Latin America Financial Enforcement: Regional Guide
Latin America's three largest financial markets — Brazil, Mexico, and Chile — have developed distinct enforcement approaches reflecting their unique regulatory histories and market structures. The CVM, CNBV, and CMF collectively supervise markets worth over $2 trillion.
CVM (Brazil)
The CVM (Comissão de Valores Mobiliários) is Latin America's most active securities enforcer, with 557 tracked actions. The CVM pursues insider trading, market manipulation, and corporate governance failures through administrative proceedings. Brazil's capital market growth has expanded the CVM's enforcement mandate.
CNBV (Mexico)
The CNBV (Comisión Nacional Bancaria y de Valores) supervises Mexico's banking and securities sectors. Enforcement focuses on prudential compliance, market conduct, and AML requirements. Mexico's fintech law (2018) has expanded CNBV's supervisory scope to cover technology-based financial services.
CMF (Chile)
The CMF (Comisión para el Mercado Financiero) was formed in 2017 by merging Chile's banking and securities regulators.

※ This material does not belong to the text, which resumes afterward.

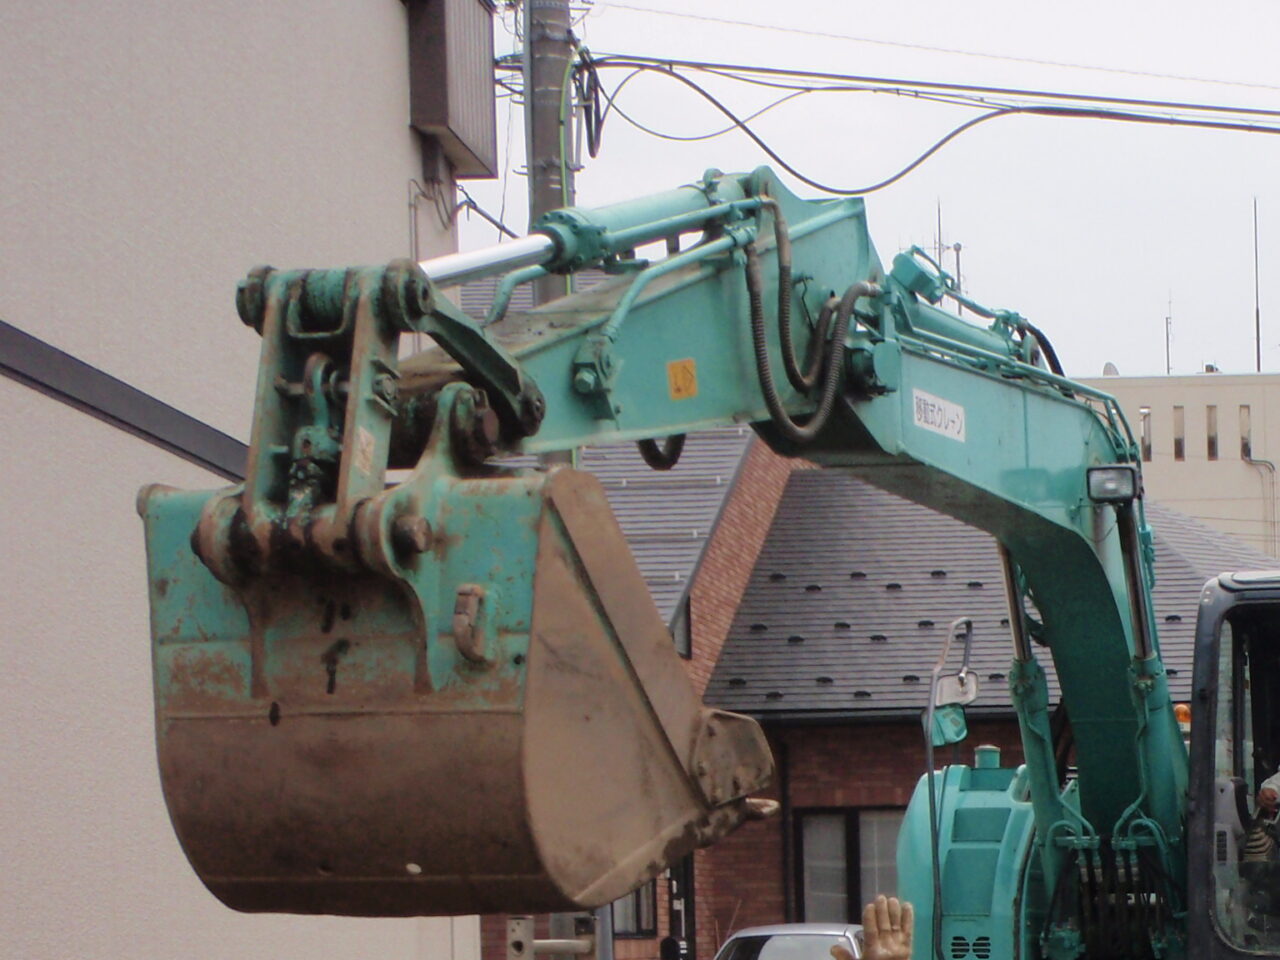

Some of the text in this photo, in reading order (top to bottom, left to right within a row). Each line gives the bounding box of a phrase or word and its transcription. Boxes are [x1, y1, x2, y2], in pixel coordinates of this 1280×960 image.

CMF enforcement covers market abuse, disclosure obligations, and prudential requirements. Chile's pension system (AFP model) creates unique enforcement dimensions around retirement fund management.
Regional Cooperation
Latin American regulators cooperate through the Consejo de Reguladores Financieros de las Américas and bilateral agreements. Cross-border cooperation is particularly important for cases involving multinational corporations operating across the region.
Practical Implications
For firms with Latin American operations or investment exposure, understanding each regulator's enforcement approach helps calibrate compliance programmes. The region's growing capital markets and fintech sectors are driving enforcement modernisation.